#### What you need to do:
Since the pictures are not wanted, copy only the text of every record exactly.
——————————
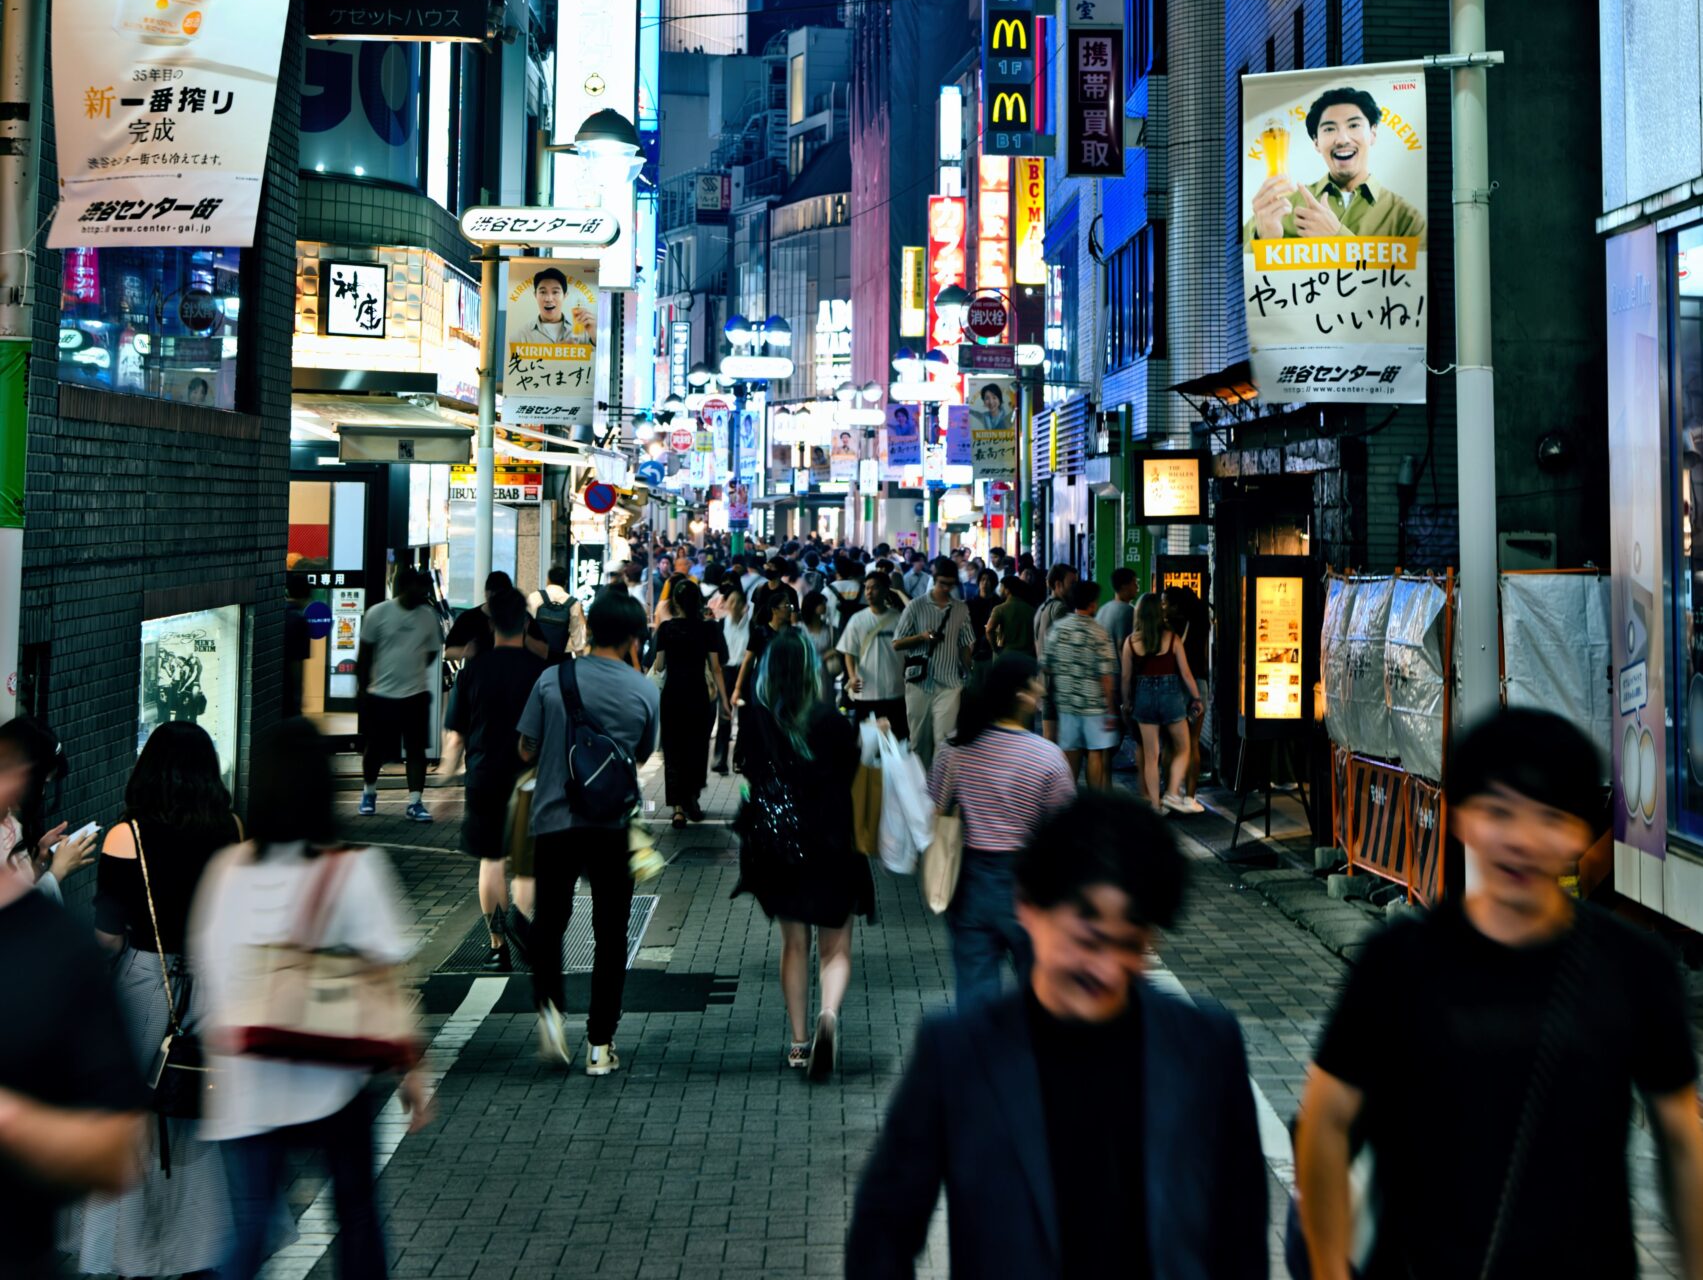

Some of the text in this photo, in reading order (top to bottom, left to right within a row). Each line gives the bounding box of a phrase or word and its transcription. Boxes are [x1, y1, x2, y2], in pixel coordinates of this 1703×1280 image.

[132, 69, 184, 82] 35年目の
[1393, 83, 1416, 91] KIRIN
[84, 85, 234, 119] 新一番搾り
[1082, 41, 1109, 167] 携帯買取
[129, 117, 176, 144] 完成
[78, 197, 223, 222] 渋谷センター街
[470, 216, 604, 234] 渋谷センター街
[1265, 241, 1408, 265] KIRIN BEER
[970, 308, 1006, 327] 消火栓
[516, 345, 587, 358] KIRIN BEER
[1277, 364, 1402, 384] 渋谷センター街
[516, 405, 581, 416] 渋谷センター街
——————————
#### Response for this exercise:
Some of the text in this photo, in reading order (top to bottom, left to right within a row). Each line gives the bounding box of a phrase or word and its transcription. Boxes are [x1, y1, x2, y2], in pixel coordinates of this 1703×1280 image.

[132, 69, 184, 82] 35年目の
[1393, 83, 1416, 91] KIRIN
[84, 85, 234, 119] 新一番搾り
[1082, 41, 1109, 167] 携帯買取
[129, 117, 176, 144] 完成
[78, 197, 223, 222] 渋谷センター街
[470, 216, 604, 234] 渋谷センター街
[1265, 241, 1408, 265] KIRIN BEER
[970, 308, 1006, 327] 消火栓
[516, 345, 587, 358] KIRIN BEER
[1277, 364, 1402, 384] 渋谷センター街
[516, 405, 581, 416] 渋谷センター街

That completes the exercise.